Once you’re comfortable with its syntax and capabilities, Markdown enables you, the author, to write in an environment as free as possible from distractions and train-of-thought interrupting actions that can pull you out of “The Zone”.

Markdown vs Markup

Markdown and Markup may sound like polar opposites, but the reality is that their relationship is more like parent/child. The purpose for both is to facilitate the formatting of documents. Editors of print publications used to physically go through text and annotate (mark up) to indicate where the printers should employ, for example, bold or italic text. Markup has become the generic term for a language that is used as a shorthand to describe these types of formatting. Markdown, which was initially created by Mark Gruber of Daring Fireball, is one of several specific markup languages, each of which have their own simple syntax. Markdown is the markup language of choice for such sites as Stack Exchange , GitHub, and reddit.

Markdown also enables the administrators of web sites to allow users fairly wide latitude in formatting their own submissions, comments, etc. while limiting the site’s vulnerabilities to incursions such as Cross Site Security (XXS) attacks.

Markdown Dialects

Other dialects of Markdown include MultiMarkdown , Markdown Extra and Pandoc .

Original Markdown

John Gruber’s overarching goal in creating Markdown was to create a tool that would make it “easy to read, write, and edit prose” for the web. He drew the distinction between HTML as a publishing format and Markdown as a writing format. As a consequence, he limited Markdown’s formatting syntax to issues that can be addressed in plain text.

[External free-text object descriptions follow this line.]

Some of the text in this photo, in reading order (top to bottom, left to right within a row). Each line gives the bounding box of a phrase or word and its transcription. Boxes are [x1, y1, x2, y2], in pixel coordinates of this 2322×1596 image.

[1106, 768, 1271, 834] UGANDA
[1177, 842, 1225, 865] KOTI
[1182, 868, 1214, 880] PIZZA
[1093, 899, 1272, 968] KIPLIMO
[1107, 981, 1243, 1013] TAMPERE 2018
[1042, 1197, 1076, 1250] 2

For any markup that is not covered by the Markdown syntax, you can simply embed HTML tags directly in the text. The only restriction to this is that block-level HTML elements must be separated from surrounding content by blank lines, and the start and end tags of the block should not be indented with either tabs or spaces.

GitHub Flavored Markdown

GitHub Flavored Markdown adds some custom function features to the basic Markdown syntax, such as a Text Formatting Toolbar. These primarily permit the formatting of text without requiring that the user first learn Markdown syntax.

kramdown

kramdown is a super-set of Markdown, adding enhanced features. For the most part, Markdown documents should parse cleanly with kramdown. Our articles use kramdown as we take advantage of its added formatting power. Since it is backwards compatible to markdown your writing workflow can begin using any markdown tools and end with publishing your article in V²Publishing using kramdown.

Reference

Most of the time, a quick reference is all you will need. And as the name promises, it is much faster than searching through the full reference. In our case the quick reference is also more intuitive, as we also show how it will look in the finished article via the Example Rendered. In this spirit you will find below each kramdown element briefly explained and the shown to you explained in 3 steps:

  1. Purpose: Why to use it (paragraph directly under the element’s heading).
  2. Example Code: How to use it.
  3. Example Rendered: How it looks.

For those occasions when you need more details, you can find them in the → kramdown Syntax.

Paragraphs

Consecutive lines of text are considered to be one paragraph. A blank line separates a paragraph from what follows below.

Example Code

This is the first paragraph. I am rattling on and on to make it long enough that your browser will cause a softbreak, that is a linebreak at the right edge of your browser width.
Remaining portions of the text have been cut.